### What you will do
Produce a verbatim transcription of the entries, with all pictures omitted.

### Material supplied

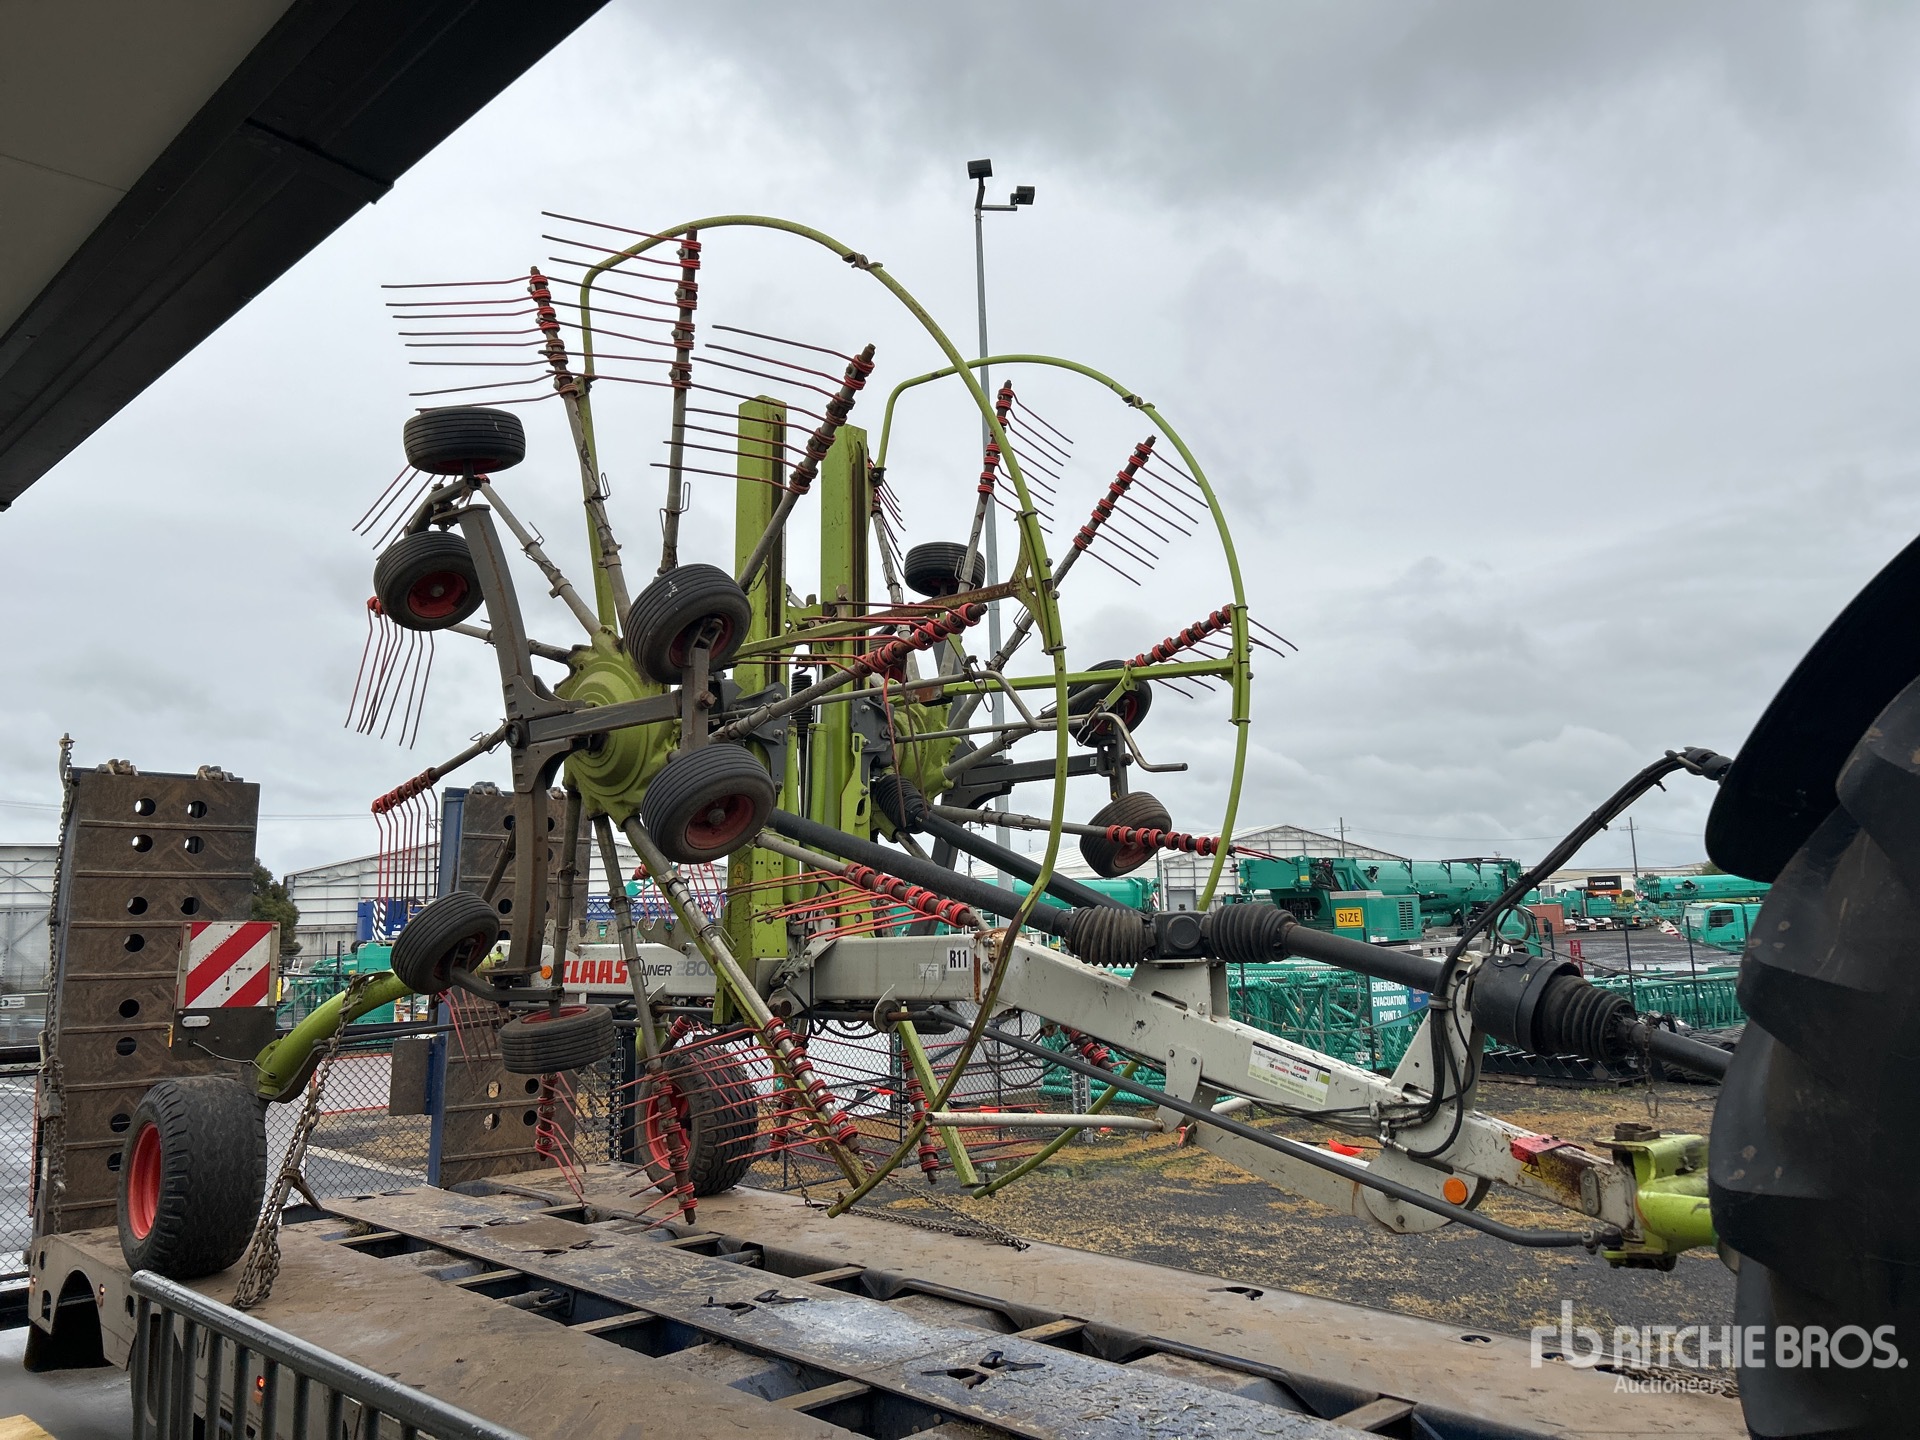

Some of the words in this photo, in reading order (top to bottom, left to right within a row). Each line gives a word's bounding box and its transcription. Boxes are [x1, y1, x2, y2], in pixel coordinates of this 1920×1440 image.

[1338, 912, 1360, 923] SIZE
[949, 949, 967, 968] R11
[563, 960, 628, 985] CLAAS
[1373, 995, 1407, 1007] EVACUATION
[1380, 1010, 1396, 1021] POINT
[1397, 1009, 1402, 1019] 3
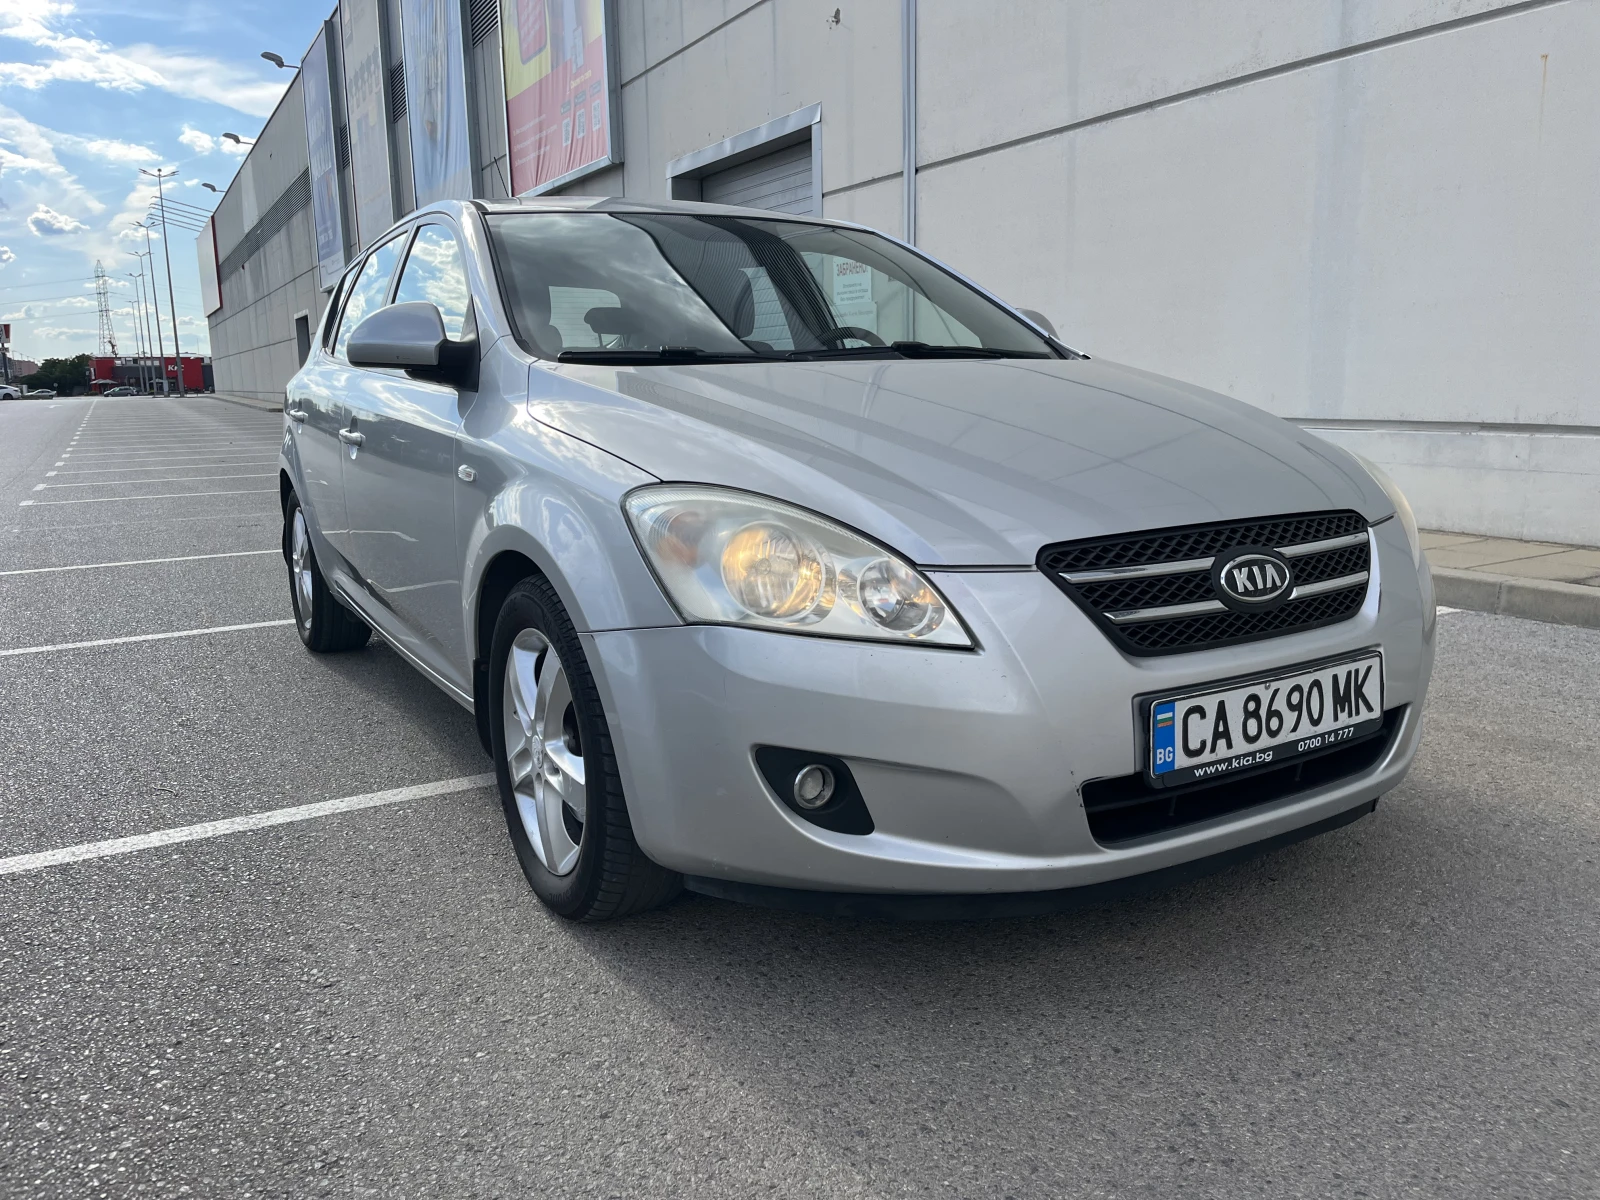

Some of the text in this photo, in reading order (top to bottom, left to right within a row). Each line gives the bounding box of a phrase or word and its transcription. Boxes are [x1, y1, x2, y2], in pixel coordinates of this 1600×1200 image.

### Task solution
Some of the words in this photo, in reading order (top to bottom, left to right within a row). Each line gives a word's bounding box and its transcription. Boxes are [x1, y1, x2, y2], in pixel coordinates of this 1920×1440 image.

[1338, 912, 1360, 923] SIZE
[949, 949, 967, 968] R11
[563, 960, 628, 985] CLAAS
[1373, 995, 1407, 1007] EVACUATION
[1380, 1010, 1396, 1021] POINT
[1397, 1009, 1402, 1019] 3

Some of the text in this photo, in reading order (top to bottom, left to right within a row). Each line gives the bounding box of a phrase or word and its transcription. Boxes are [x1, y1, x2, y2], in pixel coordinates of this 1600×1200 image.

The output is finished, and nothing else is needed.